Study material:
────────

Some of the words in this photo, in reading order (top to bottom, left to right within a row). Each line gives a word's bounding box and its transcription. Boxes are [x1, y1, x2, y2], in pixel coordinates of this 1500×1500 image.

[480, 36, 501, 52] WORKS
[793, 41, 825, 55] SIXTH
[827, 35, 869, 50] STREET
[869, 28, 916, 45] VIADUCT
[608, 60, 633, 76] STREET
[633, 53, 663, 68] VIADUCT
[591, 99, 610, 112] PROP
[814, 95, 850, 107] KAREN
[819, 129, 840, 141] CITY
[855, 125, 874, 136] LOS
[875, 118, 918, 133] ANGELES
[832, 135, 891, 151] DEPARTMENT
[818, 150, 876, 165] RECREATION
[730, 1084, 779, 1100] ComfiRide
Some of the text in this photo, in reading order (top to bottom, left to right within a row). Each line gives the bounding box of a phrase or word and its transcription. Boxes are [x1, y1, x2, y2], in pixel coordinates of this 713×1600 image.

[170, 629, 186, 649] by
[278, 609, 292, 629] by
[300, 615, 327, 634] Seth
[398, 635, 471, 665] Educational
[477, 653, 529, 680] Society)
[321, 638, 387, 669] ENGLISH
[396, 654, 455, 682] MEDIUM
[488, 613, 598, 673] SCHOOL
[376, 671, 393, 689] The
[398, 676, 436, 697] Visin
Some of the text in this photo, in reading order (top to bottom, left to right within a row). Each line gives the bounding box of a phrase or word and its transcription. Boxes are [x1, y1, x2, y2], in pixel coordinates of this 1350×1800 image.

────────

How to complete this task: Transcribe the listing in full, keeping every line exact.

Reply to the exercise:
Some of the words in this photo, in reading order (top to bottom, left to right within a row). Each line gives a word's bounding box and its transcription. Boxes are [x1, y1, x2, y2], in pixel coordinates of this 1500×1500 image.

[480, 36, 501, 52] WORKS
[793, 41, 825, 55] SIXTH
[827, 35, 869, 50] STREET
[869, 28, 916, 45] VIADUCT
[608, 60, 633, 76] STREET
[633, 53, 663, 68] VIADUCT
[591, 99, 610, 112] PROP
[814, 95, 850, 107] KAREN
[819, 129, 840, 141] CITY
[855, 125, 874, 136] LOS
[875, 118, 918, 133] ANGELES
[832, 135, 891, 151] DEPARTMENT
[818, 150, 876, 165] RECREATION
[730, 1084, 779, 1100] ComfiRide
Some of the text in this photo, in reading order (top to bottom, left to right within a row). Each line gives the bounding box of a phrase or word and its transcription. Boxes are [x1, y1, x2, y2], in pixel coordinates of this 713×1600 image.

[170, 629, 186, 649] by
[278, 609, 292, 629] by
[300, 615, 327, 634] Seth
[398, 635, 471, 665] Educational
[477, 653, 529, 680] Society)
[321, 638, 387, 669] ENGLISH
[396, 654, 455, 682] MEDIUM
[488, 613, 598, 673] SCHOOL
[376, 671, 393, 689] The
[398, 676, 436, 697] Visin
Some of the text in this photo, in reading order (top to bottom, left to right within a row). Each line gives the bounding box of a phrase or word and its transcription. Boxes are [x1, y1, x2, y2], in pixel coordinates of this 1350×1800 image.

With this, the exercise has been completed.